Roberts: So, what is a sensor? What does it do?

Adams: So, the sensors we use are designed to measure pressure and temperature. We use a capacitor sensor. There’s a couple of different types. So, this theme of miniaturization was really the background in terms of – Can we do this? And if we can, what are all the elements that we need to invent, modify, change or other, to really develop a system that would be able to record pressure in tiny spaces? And that was the idea. 

And so, to get started, we decided we would do what I call a design input requirements. That’s a simple document that says what do we have to deliver and what do we need this to do as a product? And then will it meet A,B,C,D & E outcomes? And then can that now in that stage go through the clinical trials for validation, and then could that be a product?

Roberts: The technology we’re talking about here is still in the research and development phase. But the innovation process is always in motion and Doug has ideas about where to go next.

Adams: The number one item on the list of requirements was autonomous operation. So what does that mean? It means that the device, once implanted, works without any input on the part of the patient. So, we had an assumption that if we used the methodology to power the implant by having the patient hold something up to their eye and that would provide power, yes, you could take a measurement of pressure, but everything would be determined on, would the patient participate? Would they be compliant? So to me, this issue of taking the patient out of the chain, if you would, was one of the most important requirements, so autonomous operation became top.
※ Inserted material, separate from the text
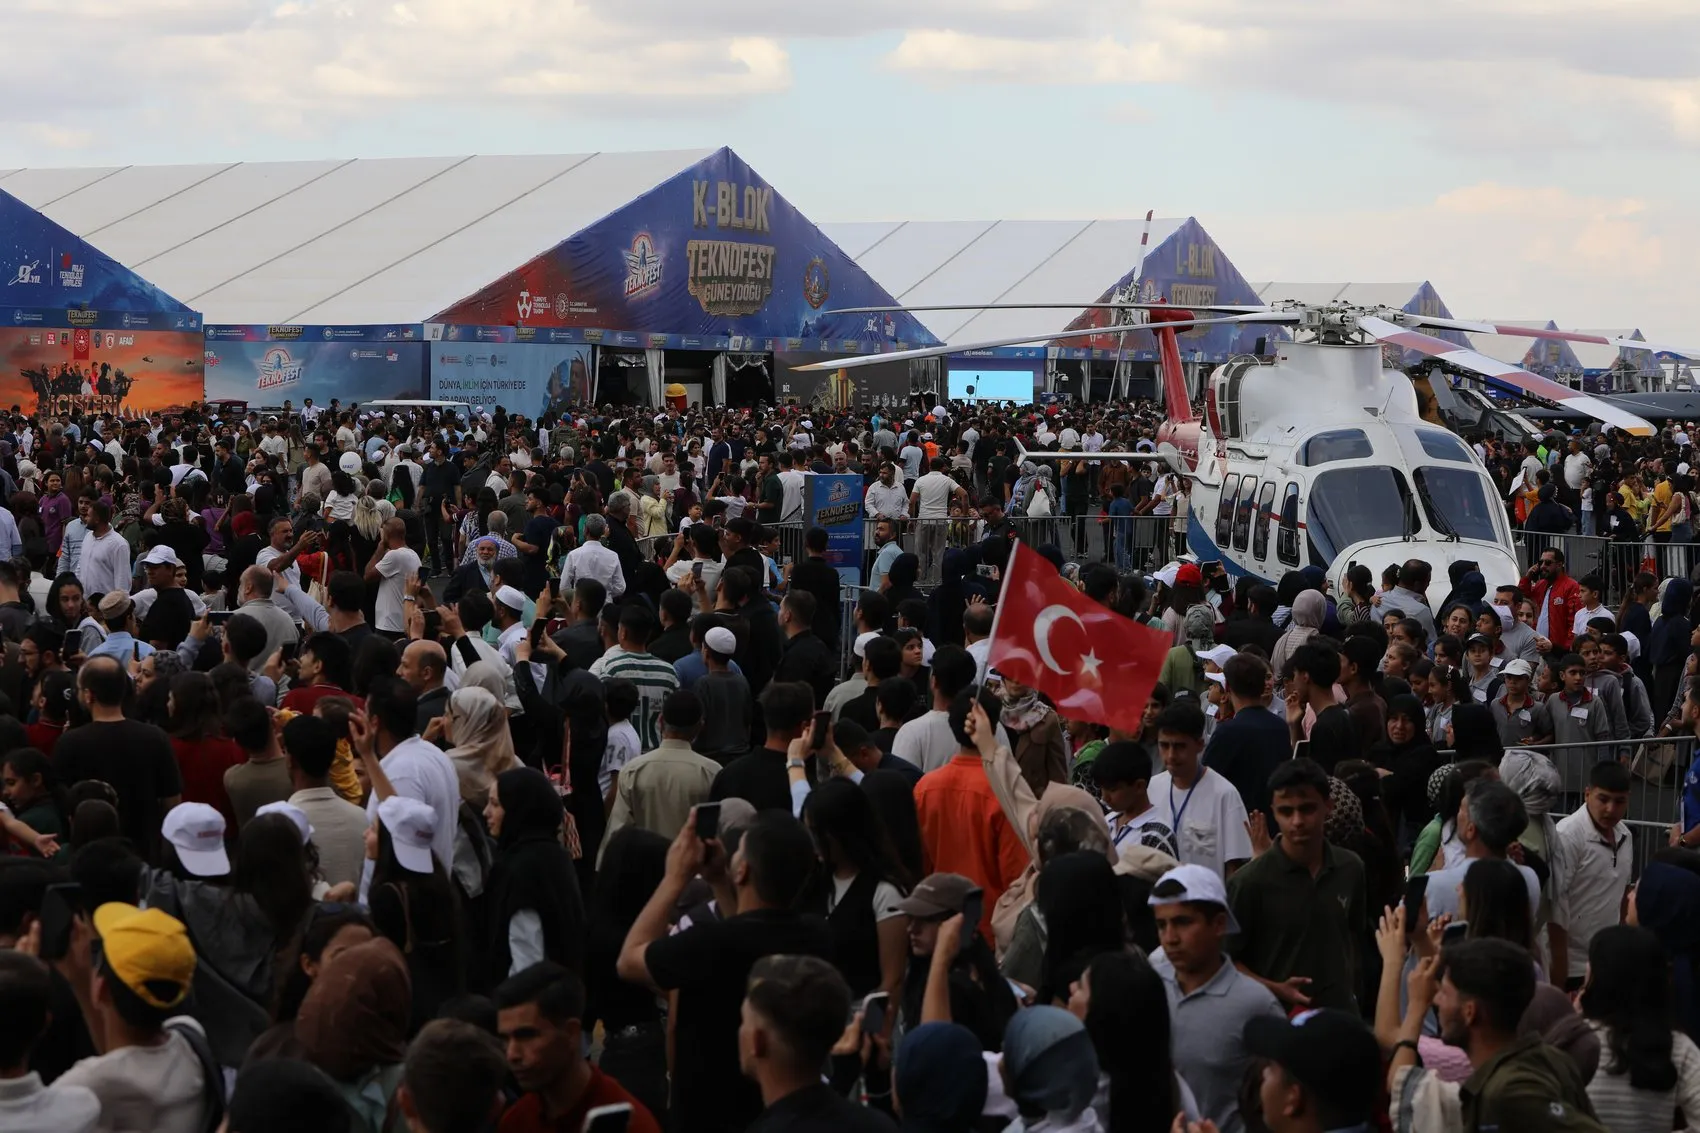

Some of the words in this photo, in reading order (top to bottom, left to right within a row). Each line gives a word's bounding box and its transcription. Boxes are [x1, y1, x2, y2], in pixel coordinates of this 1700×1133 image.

The second and third were also important. The ability to transmit data out of the eye and to put energy or power into the eye. None of that existed when we got started, and those are just two examples. I’ll build on some more.

So, you have the sensor and calibration. They go together as a pair because you can’t have one without the other, because if they don’t calibrate, then how do you know what pressure is and where you measure. The bio coding became a really big component in this because the device needs to last for 10 plus years in the eye and so biocompatibility becomes extremely important. And Qura developed and invented a new bio coating that should actually last 15 plus years in the eye with little or no inflammation.

We developed an ASIC which is simply an integrated circuit. We had to develop an antenna, a battery hardware, software, firmware that goes inside the implant and then more importantly, we developed what’s called a transceiver. 

So, generally today state-of-the-art from sensors that I’ve seen, getting energy into the eye to take a measurement and getting that back basically, is a function of three to six inches, so the little device that a patient would hold up to the eye needs to be within a couple of inches in order to take that measurement. Our requirement was nine feet, and that had never been done before, and so I was frankly fairly excited when the engineers told me we could do 9 inches, maybe 12.  And I would tell you that where we are today, Cal, we could do 100 yards. And that has never been done before.

Roberts So at one point in time, what you showed me was a sensor in size compared to a grain of rice, how big is the sensor today?

Adams: The very first prototype that our engineers put in front of me was the size of a microwave oven. And when I saw that and they did the demo that showed me in a bell chamber, they could actually get the correct pressure at this curve, no matter where on the curve, it was able to do it. The problem was it was pretty darned large. And my friends, frankly, Cal, made fun of me saying I can’t believe you invested your money in this and to me, at the end of the day when I was flying home, you couldn’t wipe the smile off my face.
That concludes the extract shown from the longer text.